The Problem with Deadlines

I remember reading a few years ago that research has shown that if you want your employees to finish projects on time, they are much more likely to do so if you set a series of intermediate deadlines. The result will be not only a greatly increased chance that the work will be completed by the final deadline, but also that the work will be of higher quality.

The research also looked at what happens when we set deadlines for ourselves. Giving yourself intermediate deadlines had a similar effect. If you have given yourself the task of writing a book by 1 February 2005, you are more likely to succeed if you split it down something like this:

Write outline by 15 October

Write rough draft by 30 November

Write second draft by 15 January

Final draft completed by 1 February

However the research found that, although setting one’s own deadlines did have an effect, it was much less effective than having them set for you externally.

The problem with deadlines we have set for ourselves is that our minds know that they are not “real” deadlines. They are just ones that we have arbitrarily set. So, in the above example, as 15 October approaches and we still haven’t done anything about writing the outline, we don’t feel the sense of urgency about meeting the deadline that we would if we had to hand the results in to our boss.

So how can we get the full benefit that comes from deadlines, without having someone standing over us enforcing them?

Here I want to digress for a moment to a boss I used to work for nearly forty years ago. I remember well how, whenever he gave me something to do, he used to ask me “When will you have that done by?” As long as my answer sounded reasonable he would just nod and make a note of my answer. Then he would let me get on with it in my own way in my own time.

When the day came when the project was due he would ask me “Have you finished that job I gave you?” The first couple of times that happened I came up with a hundred and one different reasons why I hadn’t done it yet. He just stopped me in my tracks and said “I don’t want to hear why you haven’t done it. Just tell me when you will have done it.”

Somehow after those first couple of missed deadlines, I was never late for a project again!

Sadly he died recently, but the lesson he taught me all those years ago is still very much alive for me.

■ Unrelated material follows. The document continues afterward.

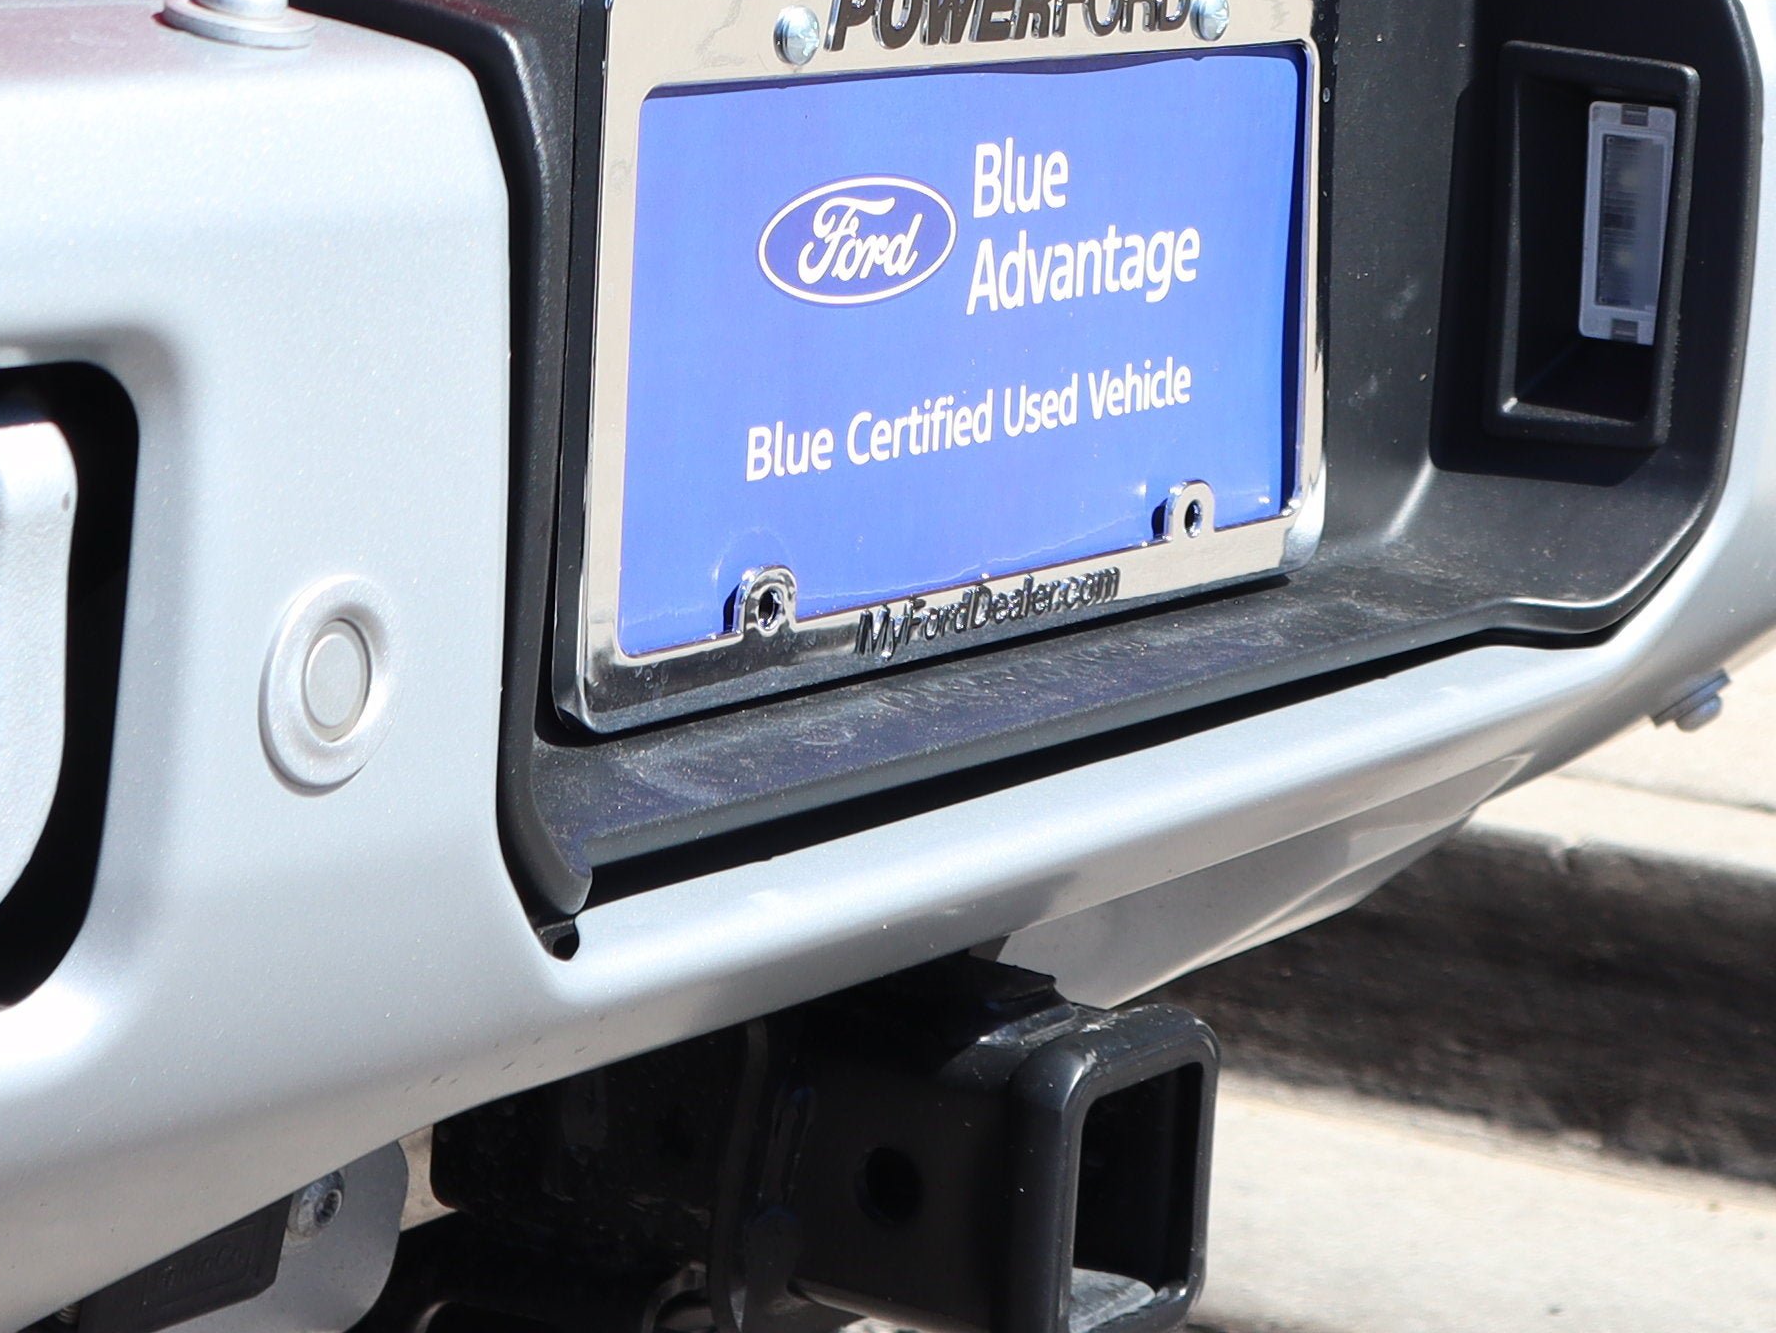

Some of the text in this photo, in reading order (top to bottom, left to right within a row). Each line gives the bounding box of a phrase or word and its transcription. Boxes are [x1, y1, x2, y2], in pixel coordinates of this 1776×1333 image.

So instead of giving yourself an artificial deadline for a project, just ask yourself “When will I have that done by?” Make a note of your answer, and if you haven’t done it by that date don’t bother rehearsing all the excuses about why you haven’t done it. Instead just say “So when will I have done it?”

Exercise:

  1. Select a project that it’s important for you to get on with but which doesn’t have a real externally-imposed deadline.
  2. Decide when you want to have it finished by.
  3. Break it down into several stages, depending on the size of the project.
  4. Take the first stage and ask yourself “When will I have that done by?” Write your answer down on your calendar where you can see it.
  5. If you haven’t finished by the due date, ask yourself “So when will I have done it” and mark the new date in your calendar. And don’t forget to adjust the completion date for the whole project as well.
  6. Repeat as necessary for each stage of the project.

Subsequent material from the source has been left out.